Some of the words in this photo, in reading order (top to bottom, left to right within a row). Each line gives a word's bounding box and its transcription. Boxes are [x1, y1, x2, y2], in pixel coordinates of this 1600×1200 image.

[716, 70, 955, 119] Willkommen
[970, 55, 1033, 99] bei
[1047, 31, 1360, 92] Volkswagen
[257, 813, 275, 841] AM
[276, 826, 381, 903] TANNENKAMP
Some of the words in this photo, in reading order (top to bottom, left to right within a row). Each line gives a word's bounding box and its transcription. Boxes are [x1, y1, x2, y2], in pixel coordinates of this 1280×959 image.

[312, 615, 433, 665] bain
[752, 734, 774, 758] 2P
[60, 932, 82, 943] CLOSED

-*-*-

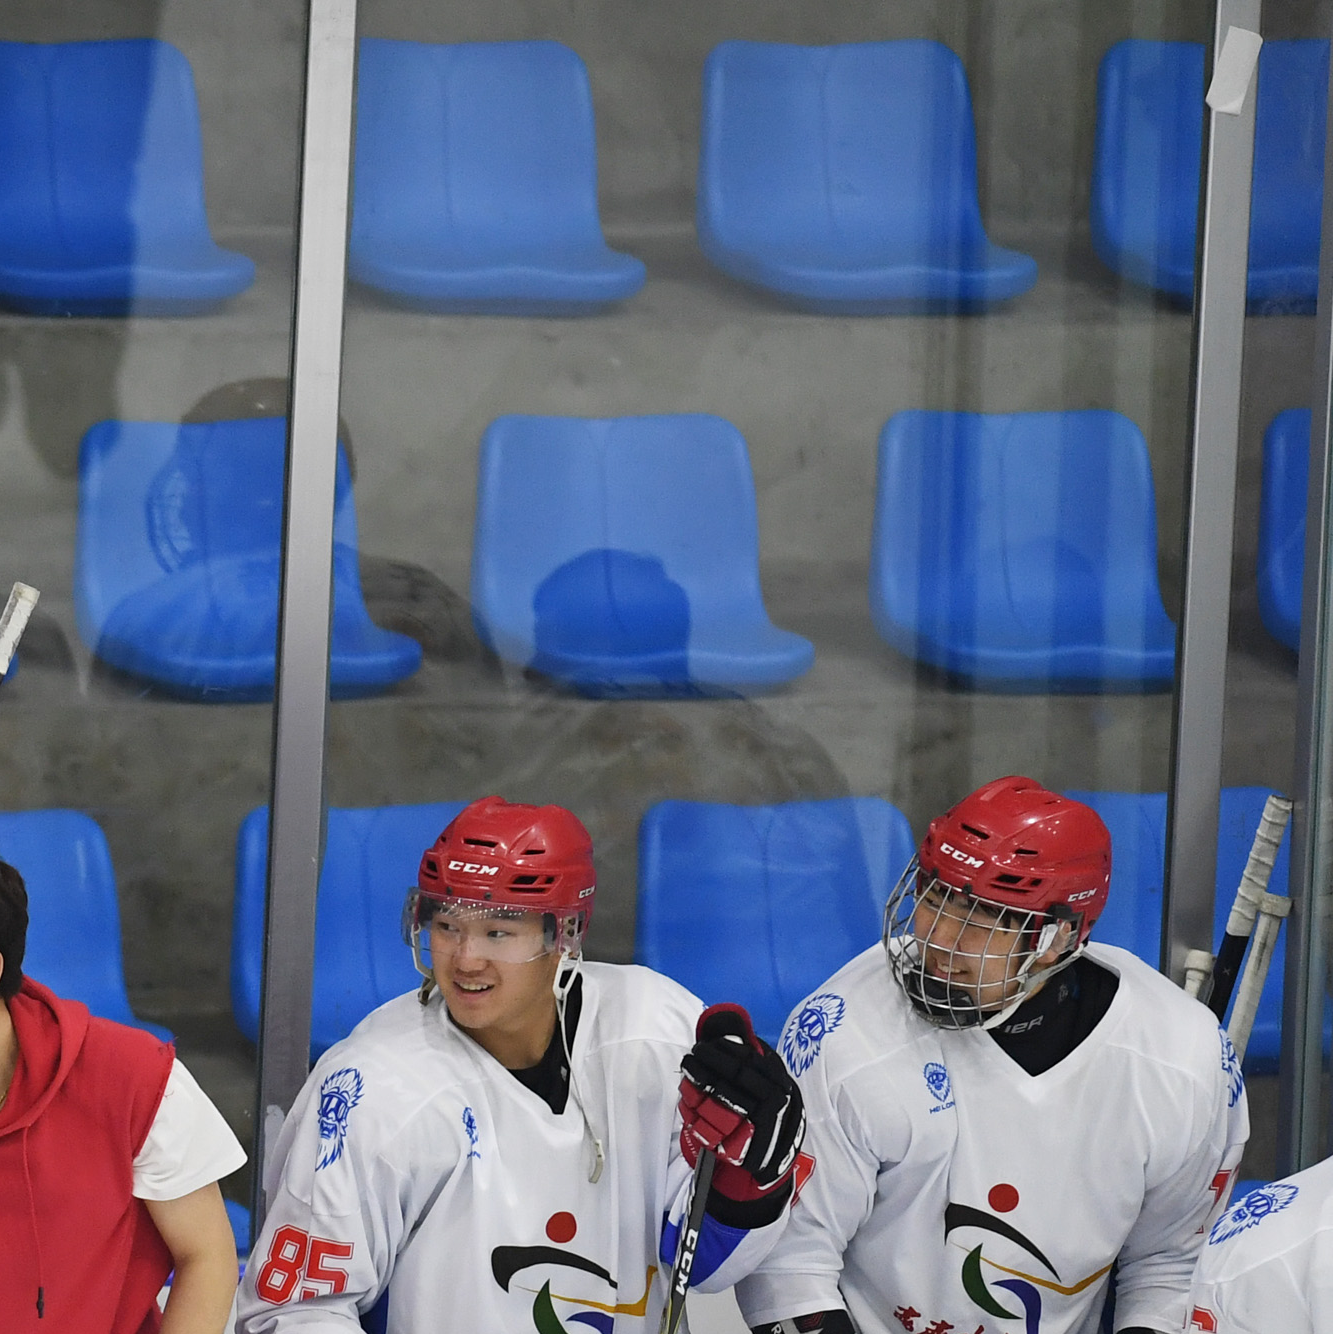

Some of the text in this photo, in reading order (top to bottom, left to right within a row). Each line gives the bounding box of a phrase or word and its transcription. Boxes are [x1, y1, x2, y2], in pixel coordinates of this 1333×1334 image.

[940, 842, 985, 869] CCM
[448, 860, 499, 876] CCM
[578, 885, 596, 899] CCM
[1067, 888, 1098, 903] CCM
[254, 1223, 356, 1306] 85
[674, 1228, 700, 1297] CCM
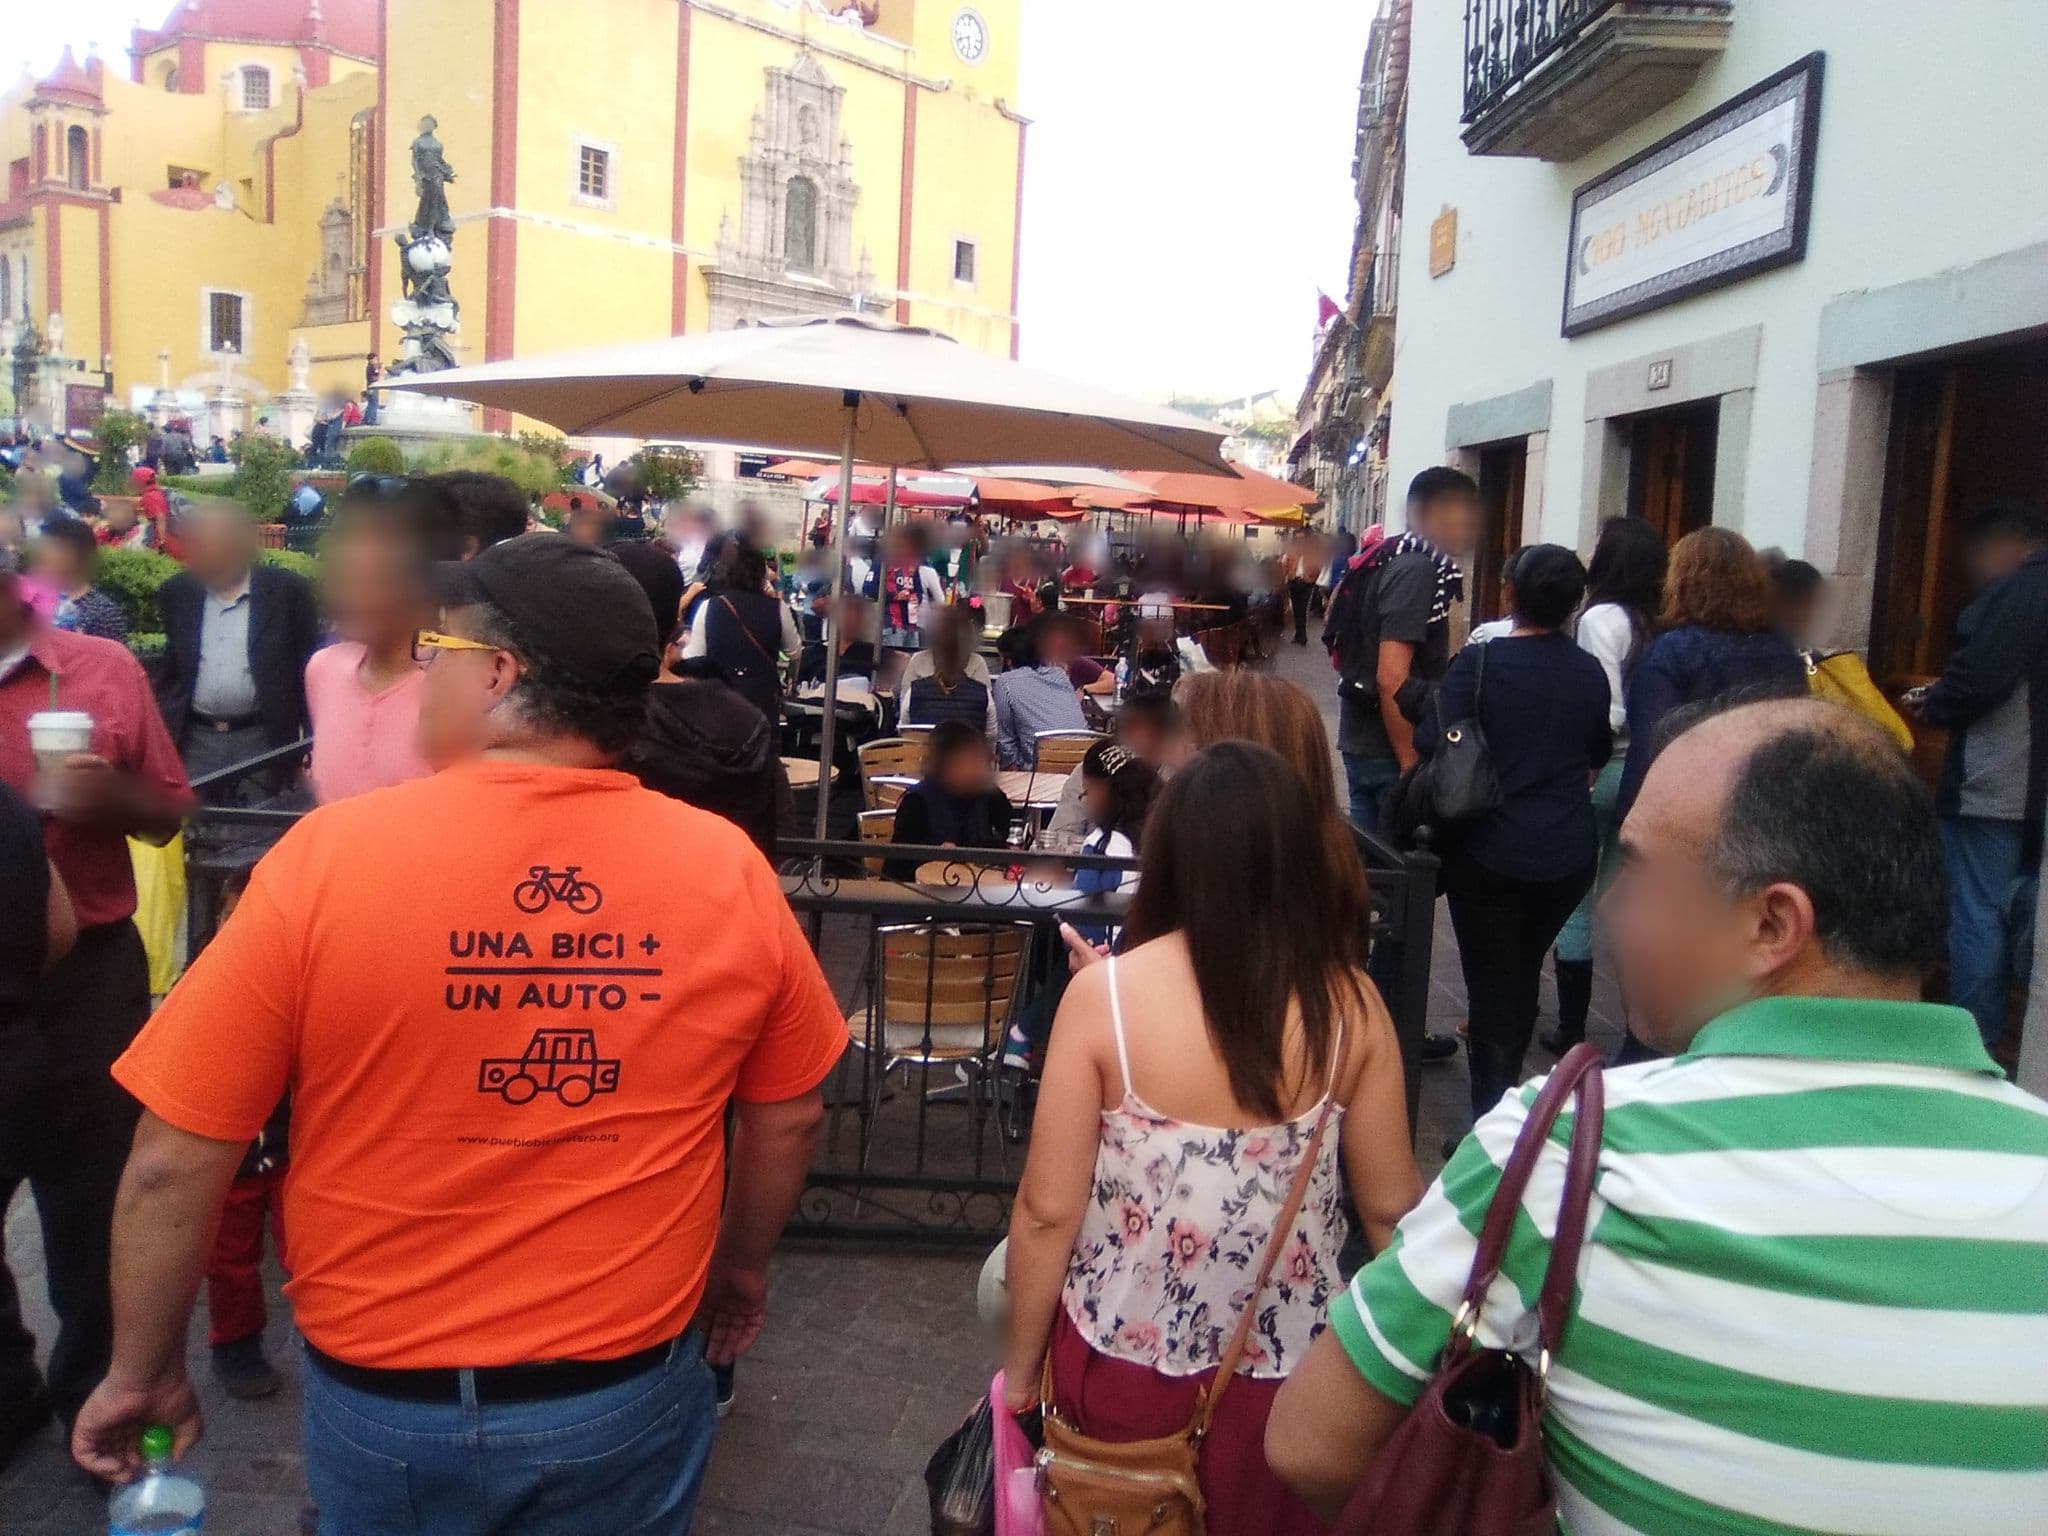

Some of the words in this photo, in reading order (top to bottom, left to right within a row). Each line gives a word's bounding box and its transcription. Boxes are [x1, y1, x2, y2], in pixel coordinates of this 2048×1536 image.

-*-*-

■ **Your objective**
From the data above, retype only the lines starting with the line with "Some of the text" and going on through the line with "this 2048×1536 image.", exactly, leaving out the pictures.

■ **Result for this exercise**
Some of the text in this photo, in reading order (top to bottom, left to right within a row). Each line gives the bounding box of a phrase or word and its transcription. Boxes are [x1, y1, x2, y2], in pixel coordinates of this 1333×1334 image.

[940, 842, 985, 869] CCM
[448, 860, 499, 876] CCM
[578, 885, 596, 899] CCM
[1067, 888, 1098, 903] CCM
[254, 1223, 356, 1306] 85
[674, 1228, 700, 1297] CCM

Some of the words in this photo, in reading order (top to bottom, left to right within a row). Each line gives a word's bounding box and its transcription. Boxes are [x1, y1, x2, y2], in pixel coordinates of this 2048×1536 image.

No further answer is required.